Le PAS peut aussi avoir des répercussions durables sur le comportement des salariés, note Benoît Serre : « Il peut aussi pousser un nombre plus important de salariés à demander des avances sur salaire car ils vont se retrouver avec un revenu net mensuel réduit alors qu’ils peuvent avoir des engagements importants par ailleurs. »

Impact sur les NAO

Faute de connaître la situation financière personnelle de leurs collaborateurs, les entreprises se trouvent ainsi exposées à un risque dont l’ampleur leur échappe. Autre hypothèse à prendre en compte : pour compenser la réduction de leur salaire net mensuel, les salariés voudront peut-être modifier la périodicité du paiement de certaines primes afin d’atténuer cette baisse. Même si leur accumulation aura une portée globale, toutes ces répercussions potentielles restent le produit de demandes particulières. Or le PAS peut aussi faire évoluer les paramètres de négociation individuelle et collective, estime Jean-Claude Charlez : « Le PAS va sans doute affecter les NAO de 2019, d’autant plus que l’inflation redémarre. En outre, en modifiant les salaires nets de façon différente selon les taux de prélèvement, le PAS peut conduire certains salariés, à partir de janvier, à constater que leur salaire n’est plus identique, à poste équivalent, au salaire de certains de leurs collègues, comme il l’était jusqu’en décembre. Cela risque d’impacter la politique d’augmentations individuelles des entreprises. »

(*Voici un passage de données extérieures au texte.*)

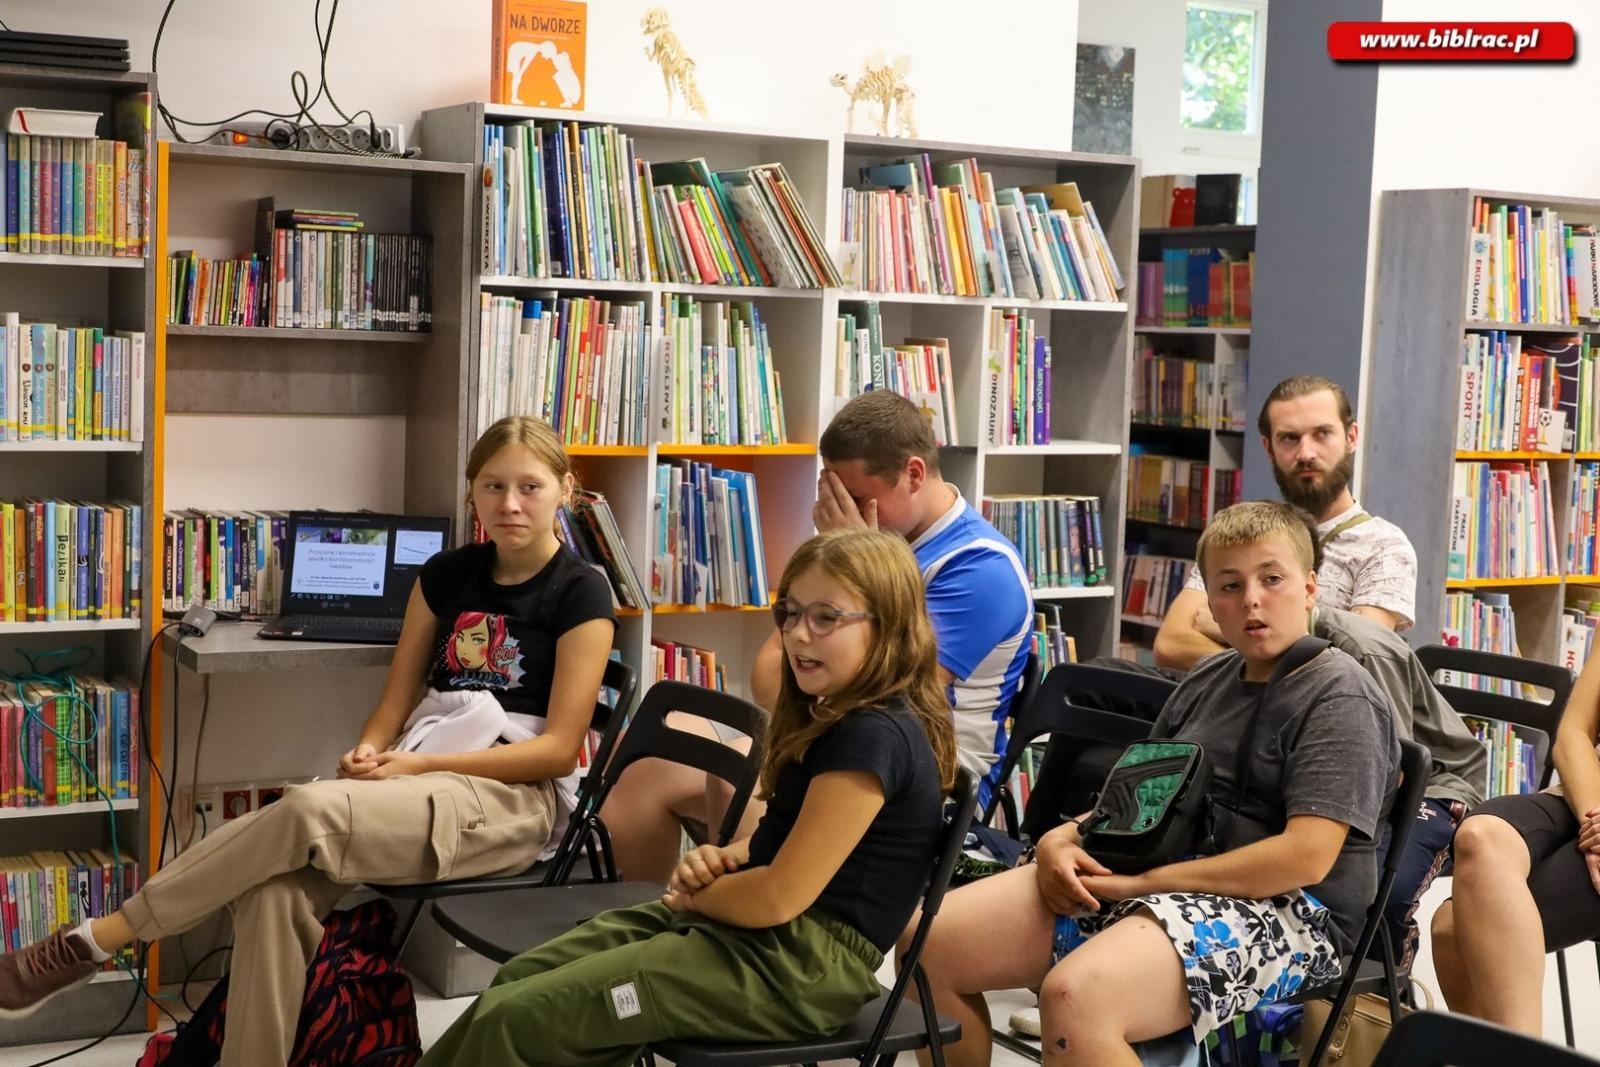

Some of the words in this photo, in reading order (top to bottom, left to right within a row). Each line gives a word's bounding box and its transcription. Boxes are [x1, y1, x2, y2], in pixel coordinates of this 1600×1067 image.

[509, 13, 527, 30] NA
[531, 15, 581, 34] DWORZE
[1589, 238, 1597, 262] PARKI
[1472, 259, 1482, 316] EKOLOGIA
[1590, 262, 1599, 308] NARODOWE
[872, 355, 883, 391] KONI
[1463, 371, 1475, 421] SPORT
[988, 374, 998, 444] DINOZAURY
[1452, 499, 1460, 551] PLASTYCZNE

Les entreprises vont aussi devoir gérer l’enjeu de la confidentialité. « La fuite de données représente un risque important, note Arnaud Sainte-Marie. Si la rupture de confidentialité est la conséquence d’un vol de données ou d’une attaque informatique, la responsabilité de l’entreprise pourra être engagée et une demande de dédommagement est possible. » Comment limiter ce risque ? « Nous préconisons un renforcement des clauses relatives à la confidentialité pour les gestionnaires de paie et plus globalement les équipes RH. Ce type de clause peut par exemple lister les principaux points qui doivent être couverts par l’obligation de confidentialité, parmi lesquels les informations relatives à la retenue à la source. » Reste la part d’inconnue d’un dispositif prévu pour fonctionner toutes choses étant égales par ailleurs. La vie des entreprises connaît cependant des aléas. François Asselin se fait l’écho de l’inquiétude des entreprises : « Il reste beaucoup de questions sans réponses. Que va-t-il se passer en cas de défaillance de l’entreprise si ses comptes sont bloqués ? Qui sera responsable : la personne morale, le dirigeant ? » Premières réponses à partir de janvier.